Quelles perspectives pour le secteur de la reliure-brochure-dorure (RBD) ?

Les entreprises de façonnage semi-industrielles s'inquiètent de la concurrence des pays étrangers.

L’évolution du secteur de la reliure depuis le début des années 2000

Entre les années 2000 et 2010, de grandes entreprises comme la Sirc (la société industrielle de reliure et de cartonnage), Reliures Brun, ou encore Diguet-Denis ont fermé leurs portes.

"Il n’y a plus de grosses entreprises de reliure en France, toutes ont disparues", explique Pascal Pluchard, président de la chambre syndicale de la Reliure Brochure Dorure (RBD).

"Le cout de la main-d’œuvre en France est trop cher ; or c’est un métier de main d’œuvre. Les entreprises encore existantes exercent soit dans le luxe, soit dans l’art, mais au niveau industriel, il n’y en a plus. Il reste des entreprises semi-industrielles qui travaillent pour les maintenances de bibliothèques."

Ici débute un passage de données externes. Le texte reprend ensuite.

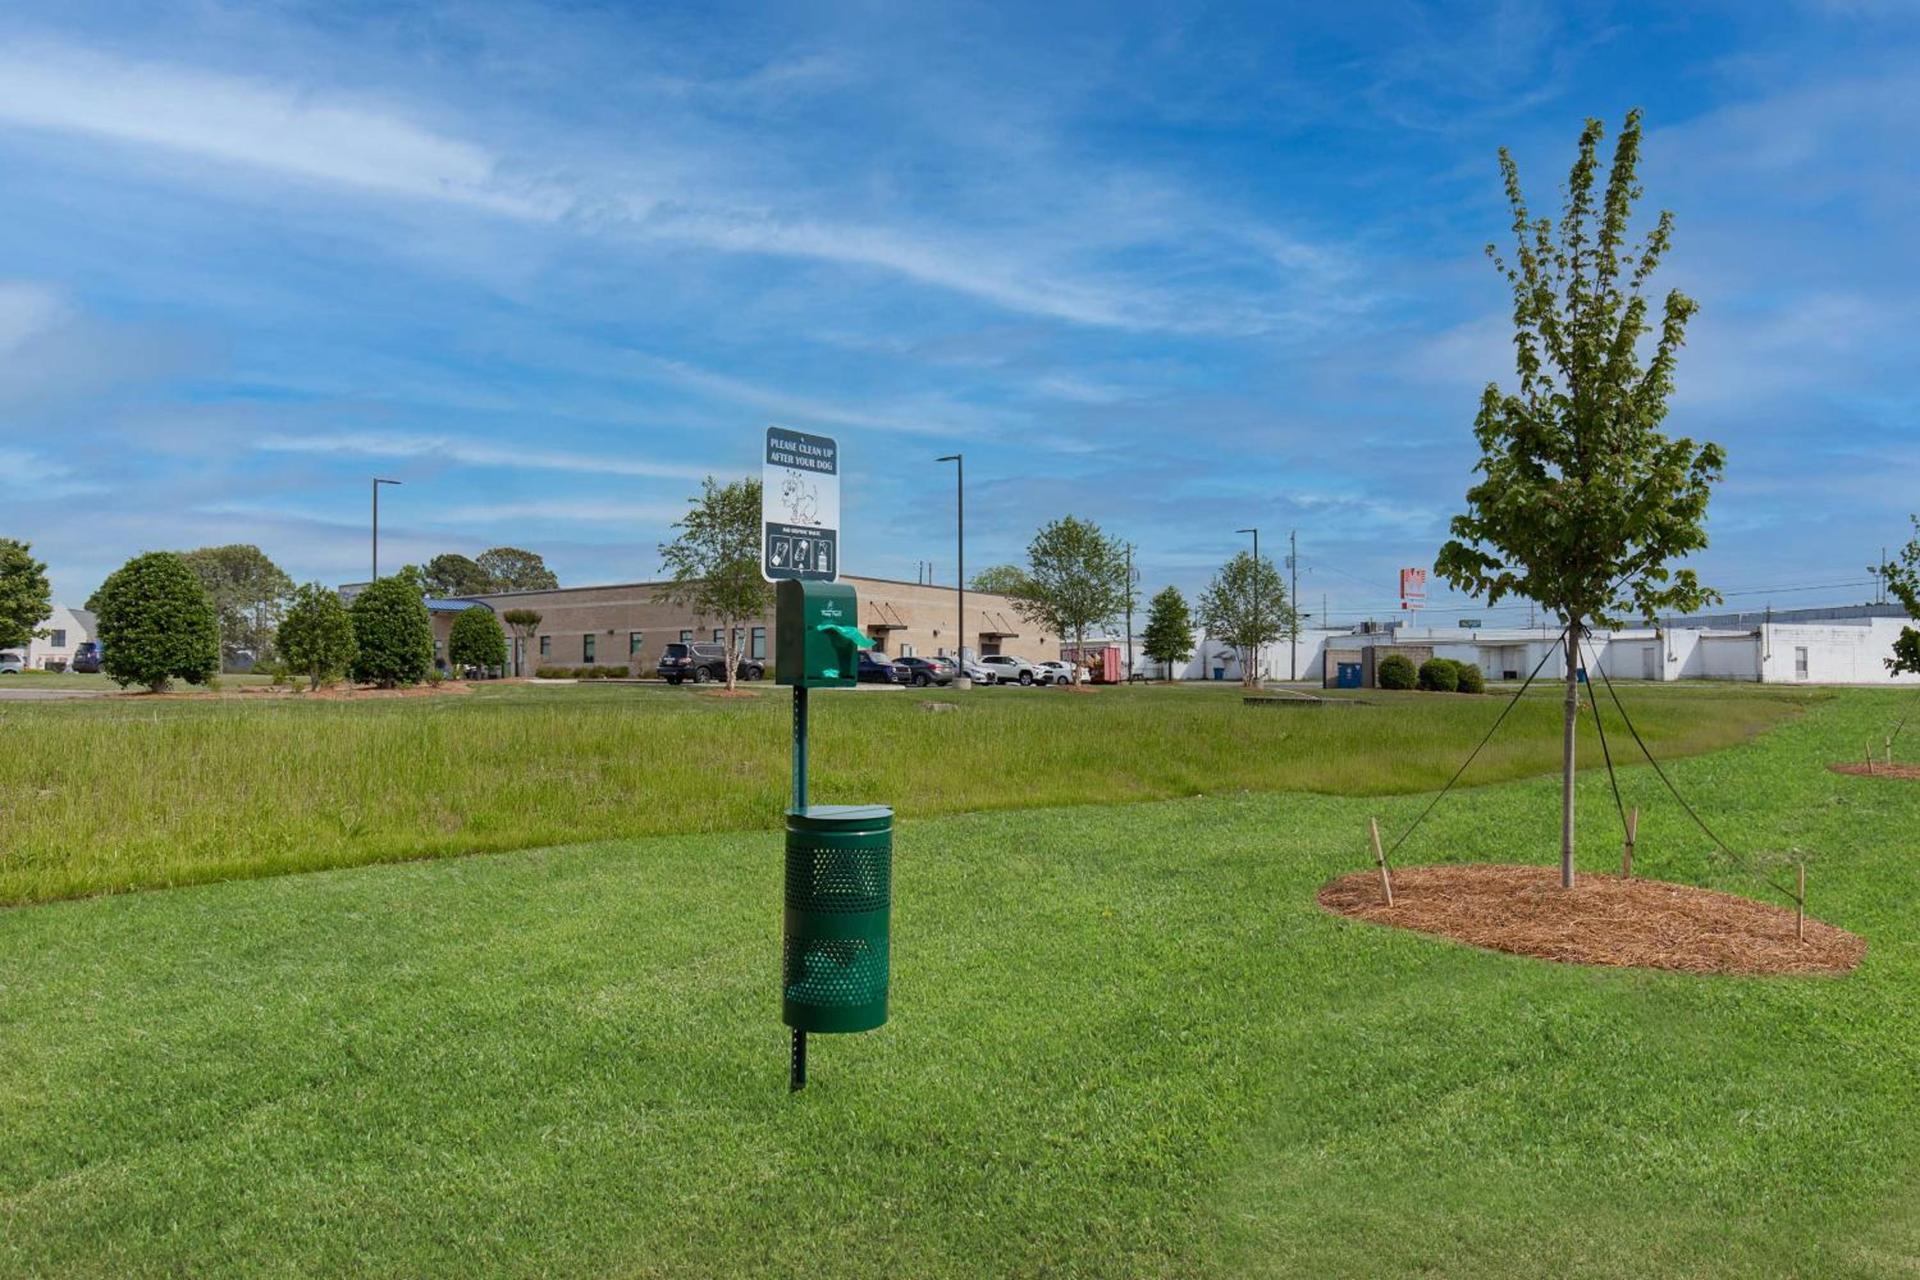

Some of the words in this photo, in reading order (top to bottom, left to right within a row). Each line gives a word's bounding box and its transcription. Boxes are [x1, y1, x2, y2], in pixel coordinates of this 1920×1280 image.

[771, 438, 796, 451] PLEASE
[799, 443, 821, 457] CLEAN
[823, 448, 833, 458] UP
[771, 451, 794, 464] AFTER
[795, 456, 815, 468] YOUR
[817, 460, 833, 470] DOG

La reliure artisanale, un métier de passionnés 

Mais comme dans beaucoup de secteurs où l’industriel s’effondre, l’artisanat retrouve ses lettres de noblesse. "Les artisans sont des passionnés, qui créent des couvertures, font de l’enveloppement… Il y a également un marché parallèle à celui du livre avec la dorure, puisqu’on peut dorer des cuirs, des tableaux, restaurer des parchemins, faire des papiers peints, il y a beaucoup d’activité dans les métiers d’art."

Reste qu’aujourd’hui, les relieurs d’art ont la volonté de valoriser leur savoir-faire, "une excellence française", et de la protéger. C’est le message qu’ils ont fait passer lors du premier petit-déjeuner organisé par la RBD le 8 mars dernier sur le thème "la finition, valeur ajoutée du print, état des lieux et perspectives".

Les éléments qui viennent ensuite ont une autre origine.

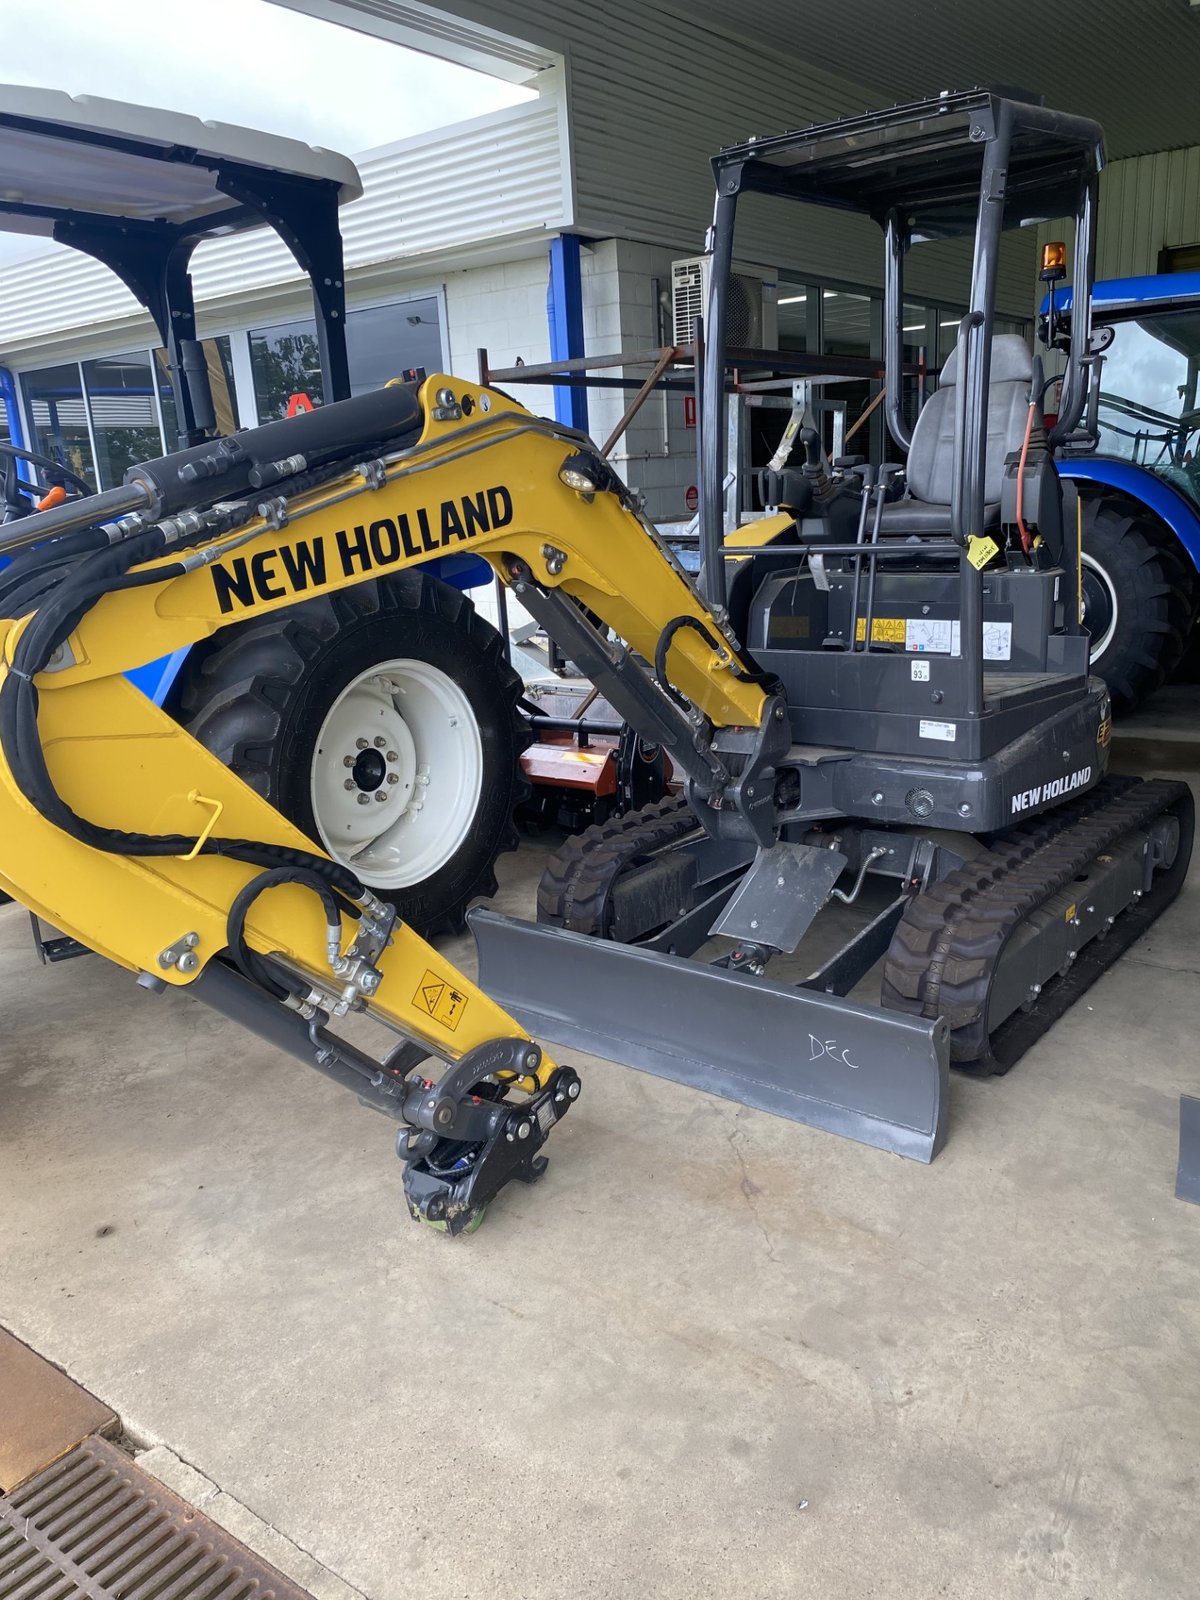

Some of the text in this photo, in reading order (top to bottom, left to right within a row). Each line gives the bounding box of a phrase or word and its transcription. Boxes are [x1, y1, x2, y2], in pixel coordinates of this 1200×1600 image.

[210, 485, 513, 614] NEW HOLLAND
[913, 669, 923, 679] 93
[1011, 766, 1091, 814] NEW HOLLAND
[808, 1033, 859, 1069] DEC

L’inquiétude face à la concurrence

Les entreprises de façonnage semi-industrielles notamment, s’inquiètent de la concurrence des pays étrangers, jugée déloyale en raison des différences de fiscalité et de coût de la main d’œuvre.

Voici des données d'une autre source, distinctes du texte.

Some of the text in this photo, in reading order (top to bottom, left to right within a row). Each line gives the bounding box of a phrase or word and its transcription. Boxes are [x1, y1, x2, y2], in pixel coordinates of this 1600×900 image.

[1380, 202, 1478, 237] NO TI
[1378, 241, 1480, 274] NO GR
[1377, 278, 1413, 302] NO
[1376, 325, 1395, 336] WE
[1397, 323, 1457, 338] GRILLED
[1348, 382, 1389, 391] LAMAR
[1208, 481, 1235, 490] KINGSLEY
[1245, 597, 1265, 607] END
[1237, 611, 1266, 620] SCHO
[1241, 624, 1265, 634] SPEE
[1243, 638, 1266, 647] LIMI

Le façonnier Merkhofer, l’un des derniers en région parisienne pouvant traiter des grandes séries pour le marché de l’édition et des magazines, produisait 1000 tonnes par jour et employait 200 personnes il y a cinq ans. Aujourd’hui, la société ne produit plus que 400 tonnes par jour avec 120 personnes. Elle a été placée en redressement judiciaire le 15 janvier dernier.

Des problématiques sur lesquelles la RBD, créée il y a près d’un siècle, entend bien se pencher dans un futur proche. En juin prochain, l’organisation syndicale organisera une seconde rencontre sur une thématique précise afin d’appréhender les grands enjeux de la filière.